2 Tranche 2 of this facility is charged with a floating rate of
1.57 per cent over three month EURIBOR (not less than 0 per cent)
for the full term of the loan.
The Group has pledged 36 (31 March 2016: 33) investment
properties to secure related interest-bearing debt facilities
granted to the Group. The 36 (31 March 2016: 33) properties had a
combined valuation of EUR696,302,000 as at 30 September 2016 (31
March 2016: EUR635,413,000).
Deutsche Genossenschafts-Hypothekenbank AG
On 24 March 2016, the Group agreed to a facility agreement with
Deutsche Genossenschafts-Hypothekenbank AG for EUR16 million. As at
31 March 2016 tranche 1 had been drawn down in full totalling EUR15
million. The loan terminates on 31 March 2021. Amortisation is 2
per cent per annum with the remainder of the loan due in the fifth
year. The facility is charged a fixed interest rate of 1.59 per
cent. The facility is secured over one property asset and is
subject to various covenants with which the Group has complied.
Bayerische Landesbank
On 20 October 2015, the Group agreed to a facility agreement
with Bayerische Landesbank for EUR25.4 million. The loan terminates
on 19 October 2020. Amortisation is 2 per cent per annum with the
remainder due in the fourth year. The full facility has been hedged
at a rate of 1.66 per cent until 19 October 2020 by way of an
interest rate swap. The facility is secured over four property
assets and is subject to various covenants with which the Group has
complied.
SEB AG
On 2 September 2015, the Group agreed to a facility agreement
with SEB AG for EUR59 million to refinance the two existing
Macquarie facilities. The loan terminates on 1 September 2022.
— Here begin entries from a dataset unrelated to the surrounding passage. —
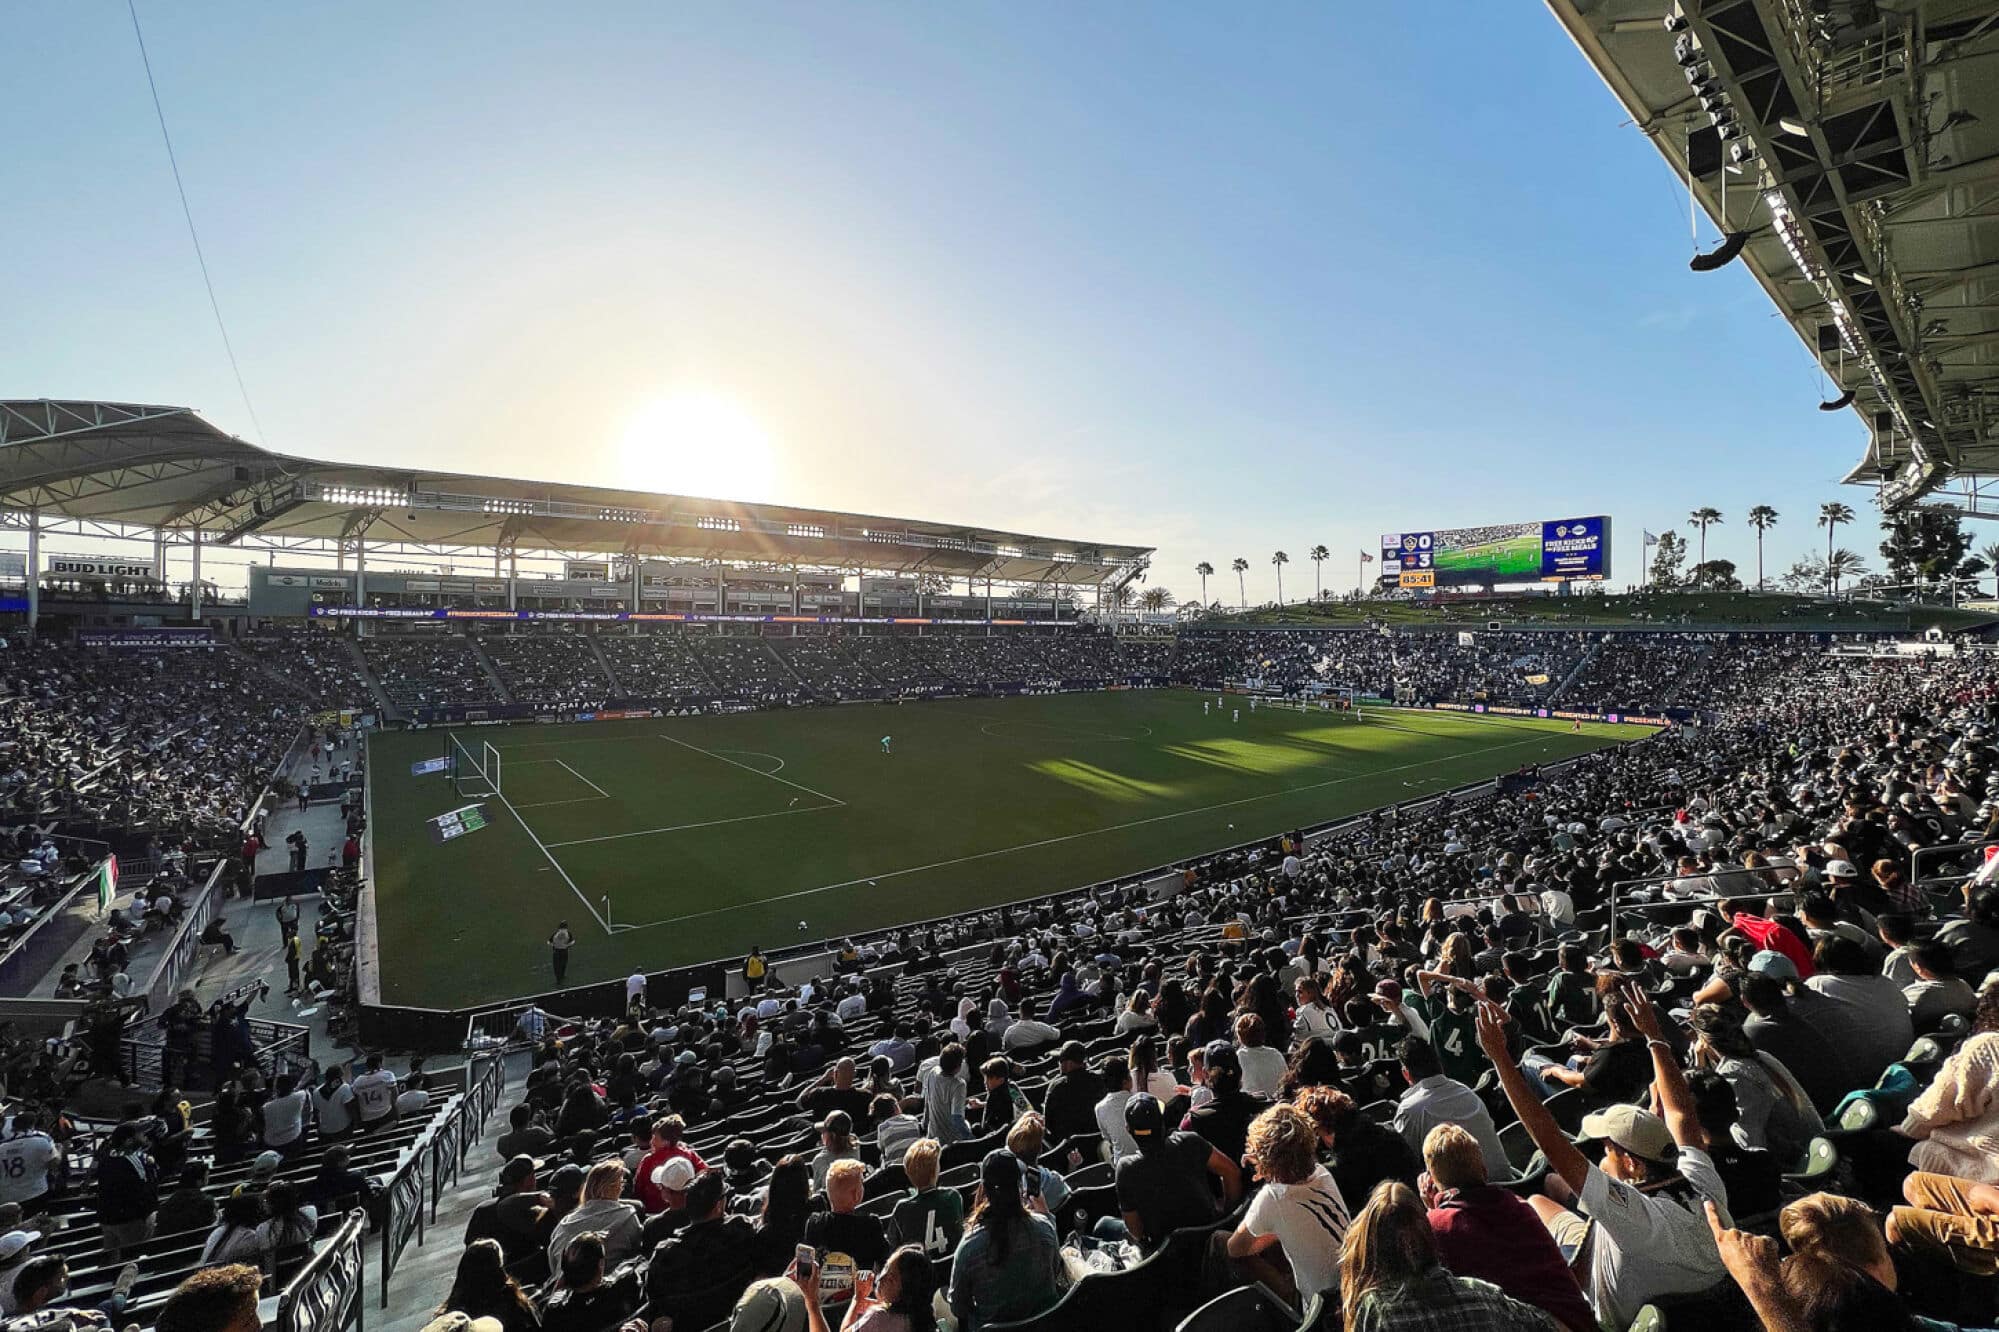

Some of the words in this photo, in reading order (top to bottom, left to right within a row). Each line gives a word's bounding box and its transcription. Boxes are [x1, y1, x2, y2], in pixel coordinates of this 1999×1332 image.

[1419, 535, 1431, 549] 0
[54, 562, 95, 573] BUD
[98, 564, 151, 576] LIGHT
[1419, 554, 1430, 567] 3
[1444, 1027, 1464, 1057] 4
[3, 1157, 26, 1178] 18
[924, 1209, 949, 1253] 4
Amortisation is 2 per cent per annum with the remainder due in the
seventh year. The facility is charged a fixed interest rate of 1.84
per cent. This facility is secured over 12 of the 14 property
assets previously financed through the Macquarie facilities,
thereby two non-core assets were unencumbered in the refinancing
process. The facility is subject to various covenants with which
the Group has complied.
Berlin-Hannoversche Hypothekenbank AG/Deutsche Pfandbriefbank
AG
On 31 March 2014, the Group agreed to a facility agreement with
Berlin-Hannoversche Hypothekenbank AG and Deutsche Pfandbriefbank
AG for EUR115 million. The loan terminates on 31 March 2019.
Amortisation is 2 per cent per annum for the first two years, 2.5
per cent for the third year and 3 per cent thereafter, with the
remainder due in the fifth year. Half of the facility (EUR55.2
million) is charged interest at 3.2 per cent plus three months'
EURIBOR and is capped at 4.5 per cent, and the other half (EUR55.2
million) has been hedged at a rate of 4.265 per cent until 31 March
2019. This facility is secured over nine property assets and is
subject to various covenants with which the Group has complied.
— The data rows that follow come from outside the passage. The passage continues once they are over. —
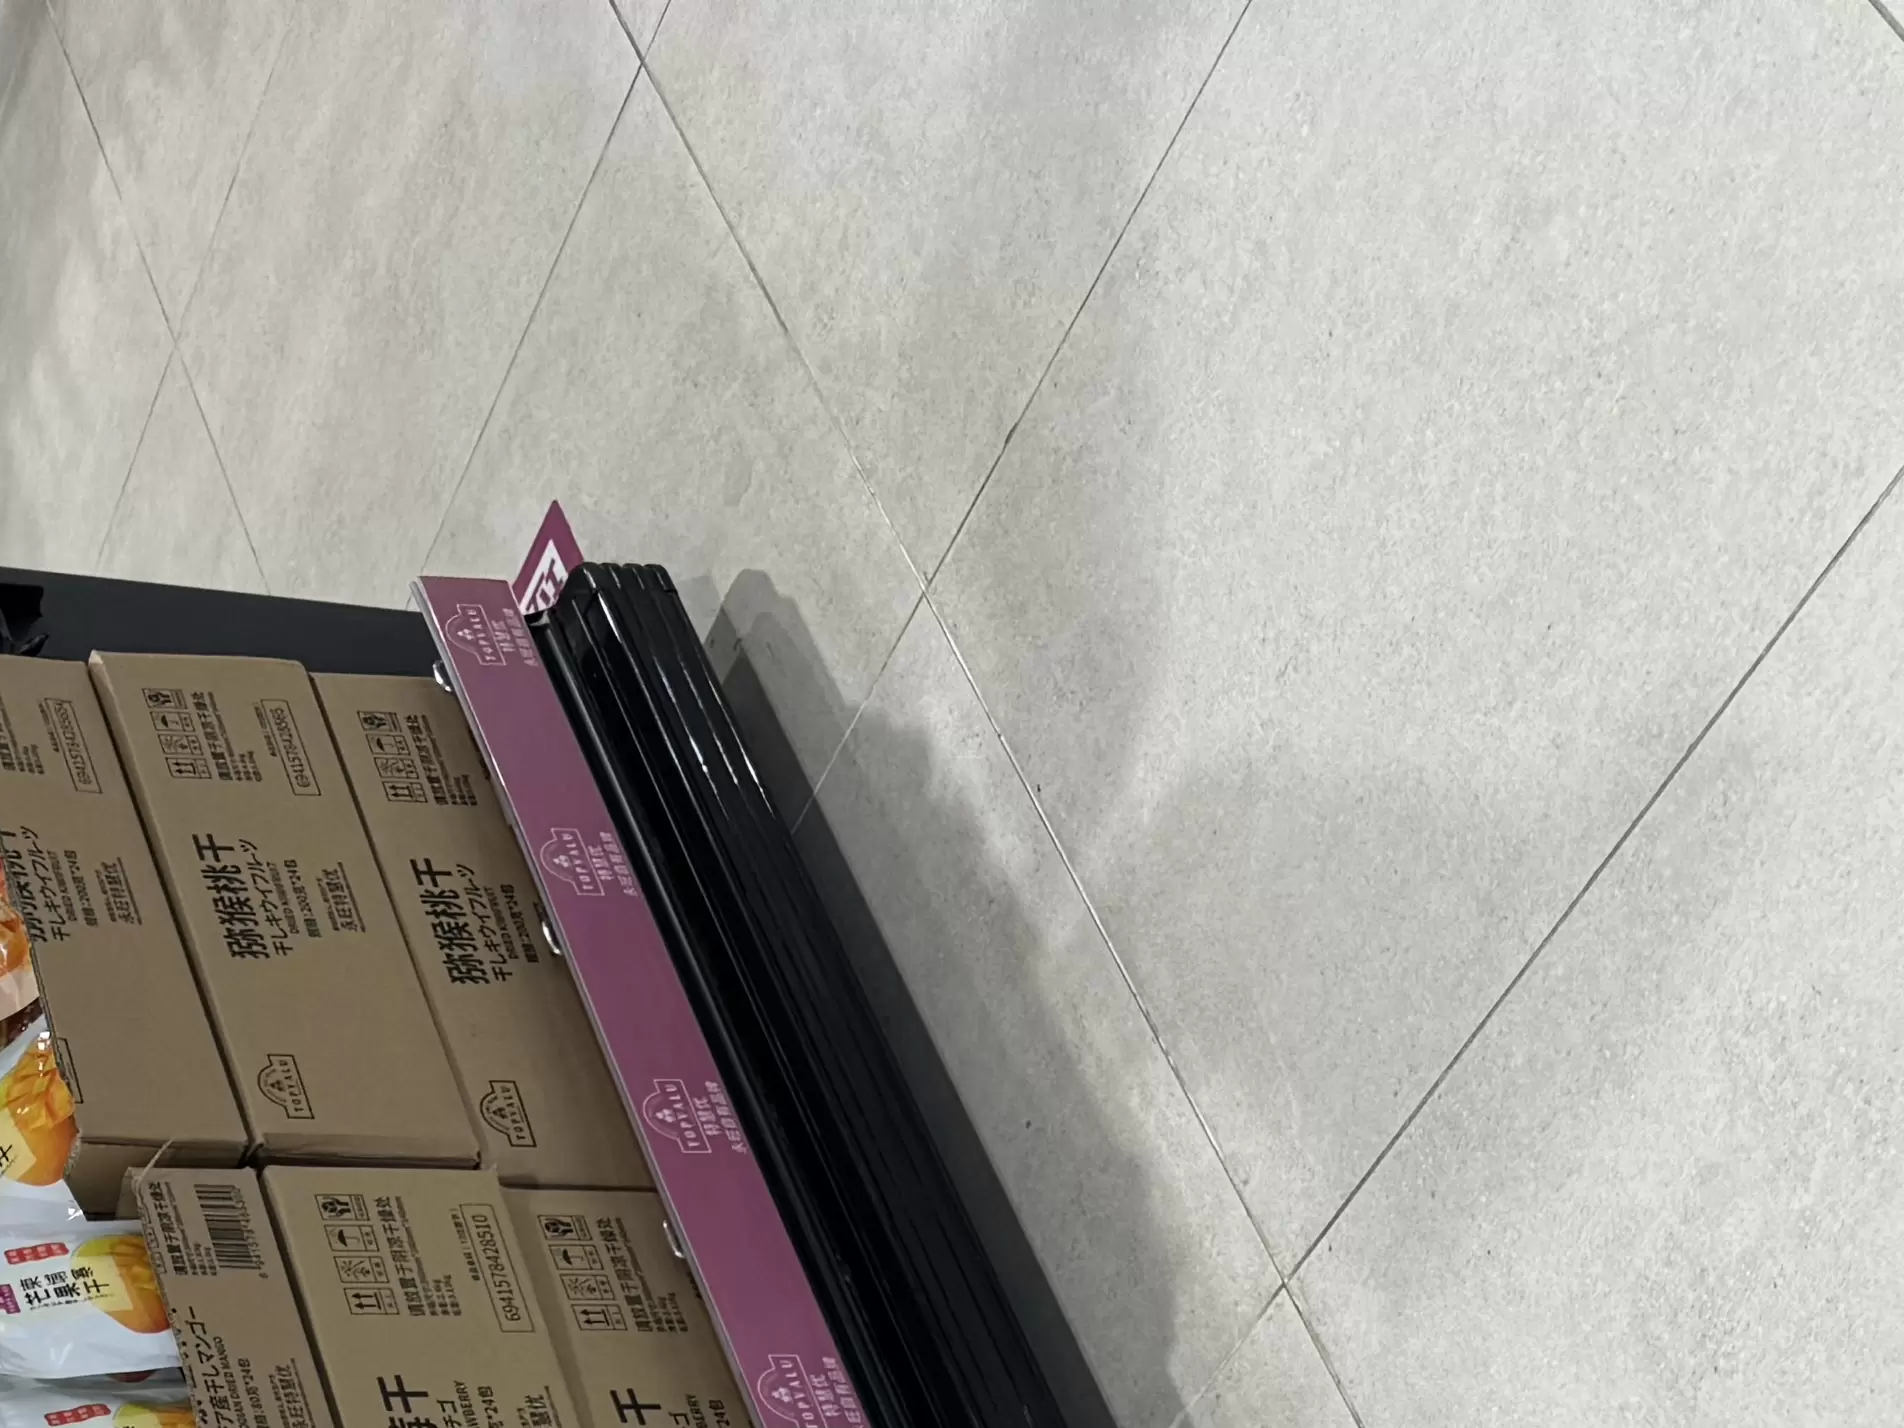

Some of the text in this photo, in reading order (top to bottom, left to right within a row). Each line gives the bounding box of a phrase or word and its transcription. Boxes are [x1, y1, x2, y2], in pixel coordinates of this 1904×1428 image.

[19, 824, 72, 943] 干しキウイフルーツ
[191, 833, 271, 960] 猕猴桃干
[237, 837, 294, 956] 干しキウイフルーツ
[409, 856, 493, 985] 猕猴桃干
[22, 1280, 112, 1309] 芒果干
[471, 1213, 522, 1322] 6941578428510
On 28 April 2016, the Group agreed to a facility agreement with
Berlin-Hannoversche Hypothekenbank AG/Deutsche Pfandbriefbank AG to
refinance its existing loan that had an outstanding balance of
EUR110.4 million at 31 March 2016. The new facility is split in two
tranches totalling EUR137 million and terminates on 27 April 2023.
Tranche 1, totalling EUR94.5 million is charged at a fixed interest
rate of 1.66 per cent for the full term of the loan. Tranche 2,
totalling EUR42.5 million is charged with a floating rate of 1.57
per cent over three month EURIBOR (not less than 0 per cent.) for
the full term of the loan. Amortisation is set at 2.5 per cent
across the full facility with the remainder due in one instalment
on the final maturity date. The facility is secured over 11
property assets and is subject to various covenants with which the
Group has complied.
Berlin-Hannoversche Hypothekenbank AG
On 15 December 2014, the Group agreed to a facility agreement
with Berlin-Hannoversche Hypothekenbank AG for EUR36 million. The
loan terminates on 31 December 2019. Amortisation is 2 per cent per
annum for the first two years, 2.4 per cent. for the third year and
2.8 per cent thereafter, with the remainder due in the fifth year.
The facility is charged a fixed interest rate of 2.85 per cent.
This facility is secured over three property assets and is subject
to various covenants with which the Group has complied.
On 28 April 2016, the Group agreed to a facility agreement with
Berlin-Hannoversche Hypothekenbank AG to add an additional tranche
to the existing loan that had an outstanding balance of EUR35.1
million at 31 March 2016. The additional tranche of EUR4.5 million
brings the total loan to EUR39.6 million. The maturity of the
additional loan tranche is coterminous with the existing loan at 31
December 2019. Amortisation is 2.5 per cent per annum, with the
remainder due at maturity. The additional loan tranche is charged
with a fixed interest rate of 1.32 per cent for the full term of
the loan. The original facility agreement has been amended to
include one previously unencumbered property asset located in
Würselen. The terms of the original loan are unchanged and the loan
continues to be subject to various covenants with which the Group
has complied.
K-Bonds
On 1 August 2013, the Group agreed to a facility agreement with
K-Bonds for EUR52 million. The loan consists of a senior tranche of
EUR45 million and a junior tranche of EUR7 million. The senior
tranche has a fixed interest rate of 4 per cent per annum and is
due in one sum on 31 July 2023. The junior tranche has a fixed
interest rate of 6 per cent and terminates on 31 July 2020. The
junior tranche is amortised at EUR1 million per annum over a seven
year period. This facility is secured over four properties and is
subject to various covenants with which the Group has complied.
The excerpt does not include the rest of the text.